«Der Glaube an sich selbst ist das entscheidende Rezept»

Sepp Blatter, Sie betonen oft, dass der Glaube an sich selbst der Grundstein für den Erfolg ist. Wie haben Sie diese Überzeugung in Ihrer Karriere umgesetzt?
Ich bin meistens nach einem bestimmten Muster vorgegangen: Zuerst muss man eine Zielsetzung haben – daraus ergibt sich ein Auftrag respektive eine Mission. Und dann ist es entscheidend, dass man Selbstvertrauen entwickelt – und an sich selbst glaubt. Es geht fast immer um Selbstvertrauen.
Mit dem Verlust Ihres Amtes im Jahr 2016 stand für Sie ein tiefgreifender Einschnitt an. Wie sind Sie damals mit dieser Veränderung umgegangen, und wie stand es damals um Ihr Selbstvertrauen?
Das war eine harte Zäsur – umso wichtiger ist es, dass man seinen eigenen Grundsätzen treu bleibt und sich auf das konzentriert, was man selbst beeinflussen kann.
Sie sagten, dass Sie Ihr Mandat zur Verfügung gestellt haben, ohne zu demissionieren.
Nach der Intervention der amerikanischen Justiz wurde der Druck auf die FIFA extrem gross. Um diese Situation zu entschärfen, habe ich mein Mandat zur Verfügung gestellt. Ich empfand es als höchst ungerecht, dass ich von den Medien vorverurteilt wurde. Darauf eröffnete auch die Staatsanwaltschaft ein Verfahren gegen mich – das 2022 mit einem Freispruch endete.

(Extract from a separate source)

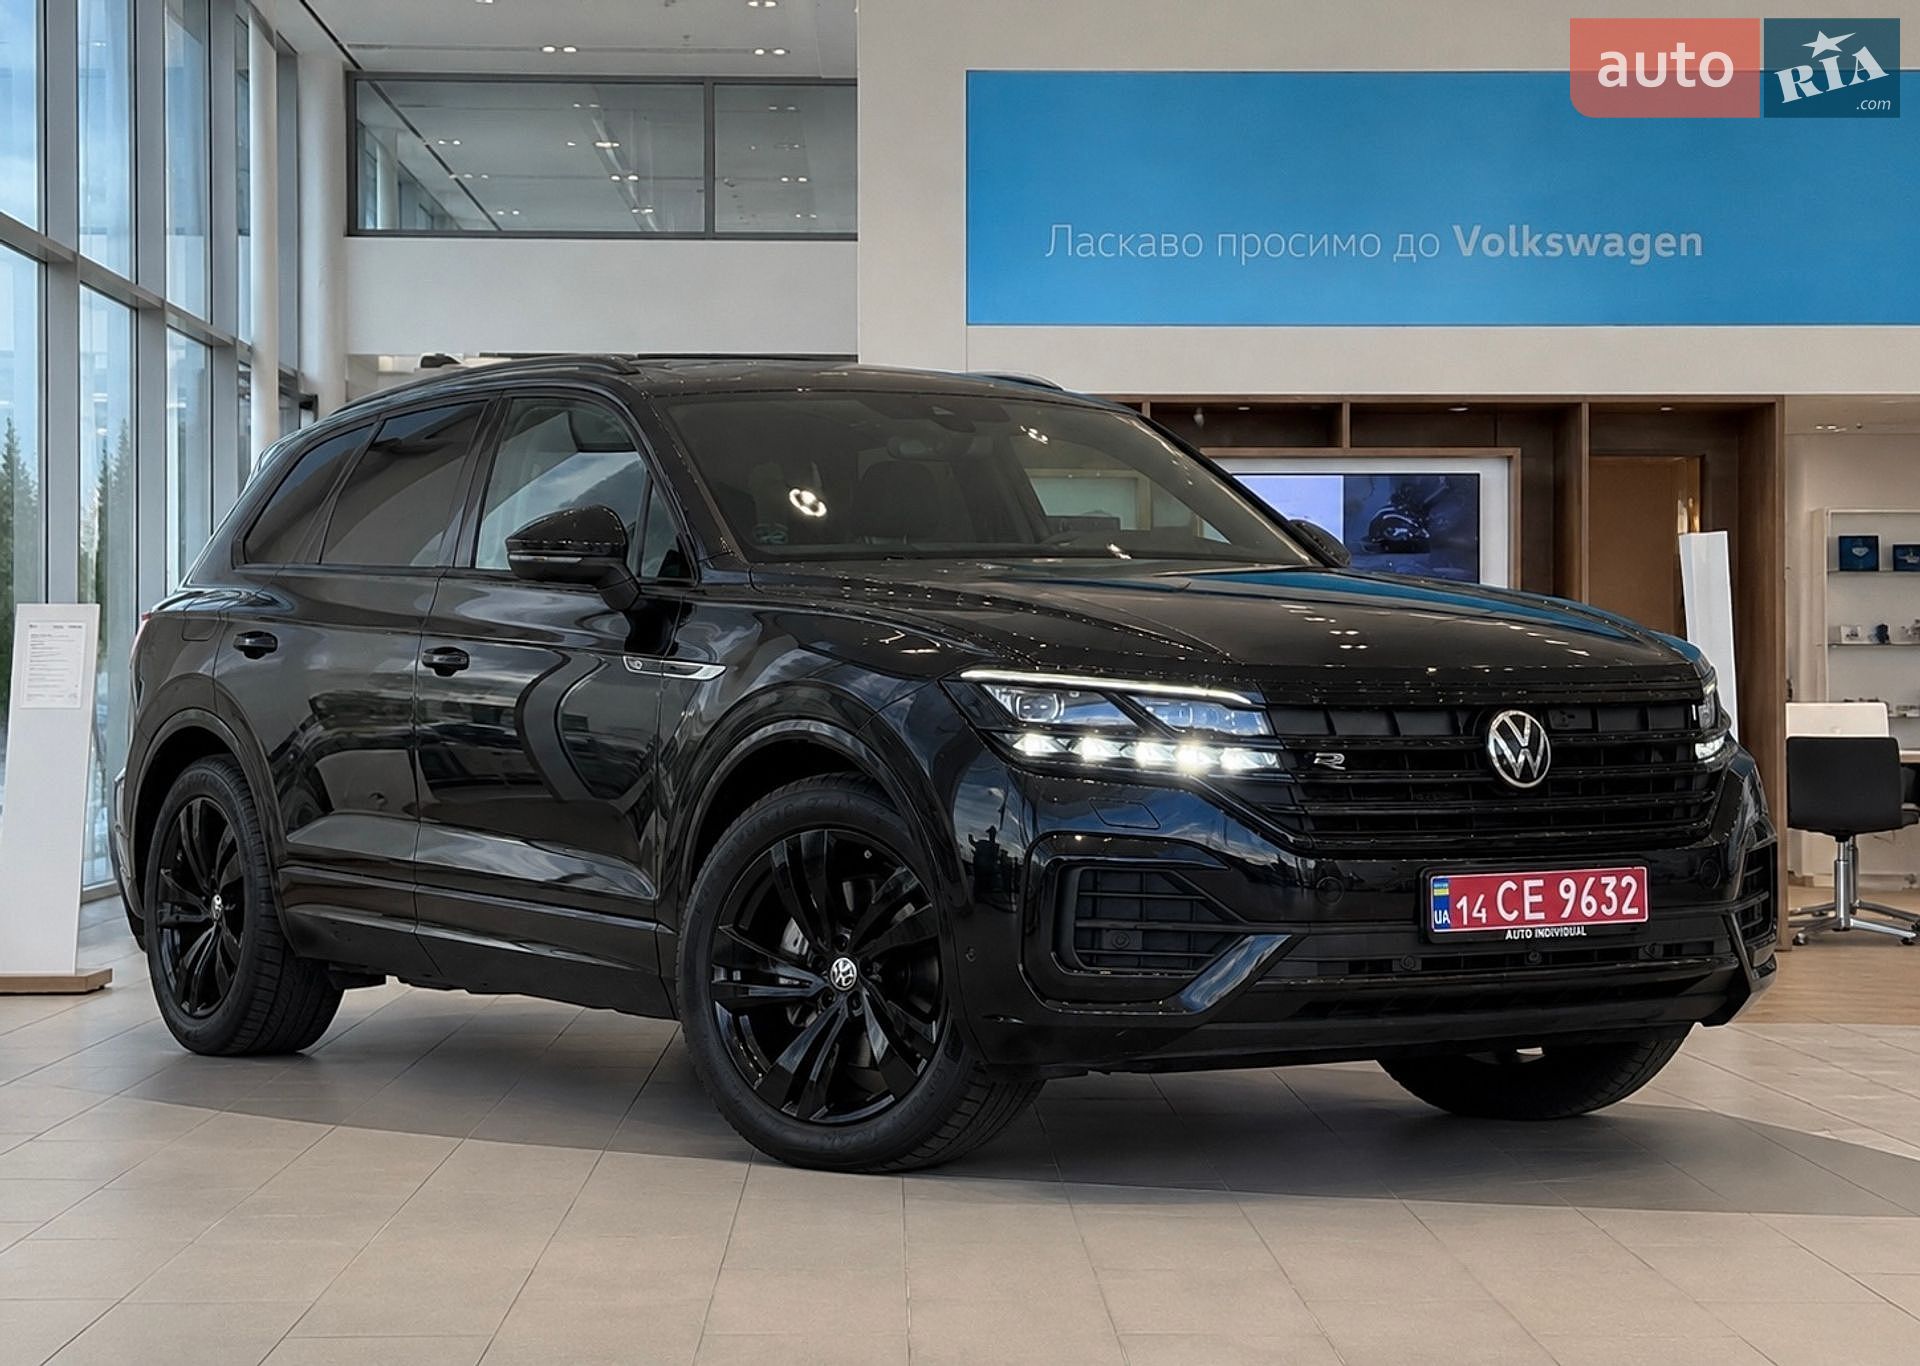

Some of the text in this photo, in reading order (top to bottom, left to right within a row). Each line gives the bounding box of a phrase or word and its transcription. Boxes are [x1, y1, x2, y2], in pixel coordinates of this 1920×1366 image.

[1045, 224, 1703, 266] Ласкаво просимо до Volkswagen
[1434, 875, 1639, 926] UA 14 CE 9632
[1505, 925, 1587, 940] AUTO INDIVIDUAL

«Man darf nie den Bezug zur Basis verlieren.»
Nelson Mandela hat Sie in Ihrer Denkweise und Ihrem Umgang mit Macht inspiriert. Inwiefern können KMU-Führungskräfte aus Mandelas Zitat «Vergeben, aber nicht vergessen» lernen?
Diese Denkweise passt extrem gut in meine Lebensphilosophie. Und als FIFA-Präsident war ich sozusagen Chef eines KMU.
Im Kontext von «Macht und Machtlosigkeit» – was bedeutet persönliche Resilienz für Sie?
Da komme ich wieder auf den vorherigen Punkt zurück – man muss an sich selbst und an die eigenen Stärken glauben. Das ist in schwierigen Lebensphasen entscheidend.
Wie beurteilen Sie die Rolle der Führung in einem zunehmend technologiegetriebenen Umfeld, in dem auch KI Einfluss auf Entscheidungsprozesse nimmt?
Meiner Ansicht nach sollte die KI keinen direkten Einfluss auf Management-Entscheidungen nehmen. Ein Chef muss die Entscheidungen selbst fällen – und die Verantwortung dafür tragen.
Auch interessant
Sie haben langjährige Erfahrung in einer der weltweit einflussreichsten Sportorganisationen gesammelt. Welche Führungsprinzipien sind Ihrer Meinung nach unerlässlich, um Macht positiv zu nutzen?
Ich habe stets nach dem Prinzip «Führung durch Vertrauen» und nicht «Führung durch Kontrolle» gearbeitet. In der Privatwirtschaft muss man seinem Führungsstab und den Mitarbeitern vertrauen können.
Die Meinung, dass Macht ohne Verantwortung zur Machtlosigkeit führt, ist weitverbreitet. Wie stehen Sie zu dieser Aussage, und wie definieren Sie Verantwortung im Führungsalltag?
Verantwortung zu tragen, ist der Schlüssel, um eine Führungsposition wahrzunehmen. Ohne Verantwortung hat Macht keinen Wert.
Welche Ratschläge würden Sie KMU-Unternehmern geben, die mit ihrer Rolle oft zwischen Einfluss und Machtlosigkeit stehen?
Man kann es nicht oft genug betonen: Der Glaube an sich selbst ist das entscheidende Rezept. Dann wird es nie zu Machtlosigkeit kommen.
Was ist aus Ihrer Sicht der grösste Fehler, den Führungskräfte im Umgang mit Macht machen?
Man darf nie den Bezug zur Basis verlieren – und muss sich immer erinnern, woher man kommt. Letztlich ist jeder Chef von seinen Mitarbeitern abhängig.
Joseph «Sepp» Blatter (*1936) war von 1998 bis 2016 Präsident der FIFA, der internationalen Dachorganisation des Fussballs. Während seiner Amtszeit prägte der Walliser die Fussballwelt massgeblich und setzte zahlreiche Reformen um. Nach seiner Suspendierung aufgrund eines Verfahrens durch die FIFA-Ethikkommission wurde er 2022 freigesprochen. Heute engagiert sich Blatter weiterhin für den Sport und teilt seine langjährigen Führungserfahrungen mit Unternehmern und Führungskräften.